I am using the MassHunter Quantitative Analysis 10 software to quantify GC-MS data from plant samples, and I have standards and standard curves which I am using to quantify individual compounds.
Some of my standards are not expected to be present in some samples, but they may have peaks at about the same retention time as other compounds. In the case of limonene and beta-phellandrene, they cannot be separated by retention time, but the qualifier ion ratios are different so it is easy to distinguish them.
The problem that I am having is that for a sample which should ONLY have limonene, the software identifies the single limonene peak as both limonene AND beta-phellandrene, even though the qualifier ion ratios are completely out of bounds for beta-phellandrene and they are perfect for limonene.

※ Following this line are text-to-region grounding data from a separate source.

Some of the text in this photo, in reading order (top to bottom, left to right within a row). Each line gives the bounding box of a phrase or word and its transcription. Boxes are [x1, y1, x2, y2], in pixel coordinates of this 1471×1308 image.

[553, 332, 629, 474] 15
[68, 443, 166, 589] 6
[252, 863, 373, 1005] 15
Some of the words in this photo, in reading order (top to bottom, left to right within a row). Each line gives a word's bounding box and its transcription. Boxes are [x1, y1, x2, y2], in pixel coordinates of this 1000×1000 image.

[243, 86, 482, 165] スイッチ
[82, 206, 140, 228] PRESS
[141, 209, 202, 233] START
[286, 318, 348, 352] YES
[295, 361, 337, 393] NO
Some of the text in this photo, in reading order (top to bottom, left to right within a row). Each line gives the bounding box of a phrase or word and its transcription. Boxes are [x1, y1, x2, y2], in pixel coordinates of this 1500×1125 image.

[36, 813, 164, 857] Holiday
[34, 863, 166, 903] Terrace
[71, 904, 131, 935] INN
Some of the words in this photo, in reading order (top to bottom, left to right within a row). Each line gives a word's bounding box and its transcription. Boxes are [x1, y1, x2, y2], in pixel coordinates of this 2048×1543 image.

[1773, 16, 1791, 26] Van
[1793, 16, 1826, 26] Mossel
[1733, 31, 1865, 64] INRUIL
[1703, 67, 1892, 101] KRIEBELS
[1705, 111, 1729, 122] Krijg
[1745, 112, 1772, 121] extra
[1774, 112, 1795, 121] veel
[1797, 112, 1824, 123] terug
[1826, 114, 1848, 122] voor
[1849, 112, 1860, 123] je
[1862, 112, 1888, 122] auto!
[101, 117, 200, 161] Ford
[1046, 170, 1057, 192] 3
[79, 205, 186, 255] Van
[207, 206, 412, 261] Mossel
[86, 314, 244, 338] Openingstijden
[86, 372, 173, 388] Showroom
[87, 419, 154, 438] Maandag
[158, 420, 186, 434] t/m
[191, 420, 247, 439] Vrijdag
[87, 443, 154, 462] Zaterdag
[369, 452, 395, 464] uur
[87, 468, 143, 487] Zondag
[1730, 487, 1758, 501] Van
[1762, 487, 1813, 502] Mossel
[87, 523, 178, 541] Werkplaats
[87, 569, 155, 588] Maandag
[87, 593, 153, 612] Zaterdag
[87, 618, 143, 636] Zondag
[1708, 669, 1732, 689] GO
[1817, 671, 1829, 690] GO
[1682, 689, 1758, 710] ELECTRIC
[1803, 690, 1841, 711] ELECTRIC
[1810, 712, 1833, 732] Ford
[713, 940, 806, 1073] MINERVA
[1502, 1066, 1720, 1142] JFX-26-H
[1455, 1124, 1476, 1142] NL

I have already set all compounds in the method to use "Close RT with qualifiers". I've set up the qualifier ion ratios to have strict uncertainty percentages. The ratios just get highlighted in the results but the peaks are still being identified as the wrong compound. Is there anything else that I can do to prevent misidentification? I don't see a way to specify "minimum number of qualifiers" or anything like that, and I'm getting false-positives for other compounds because of this as well. Even in samples where there are no matching qualifier ions, the software still gives a target match and a concentration.
What have I set up wrong here? Have I overlooked something?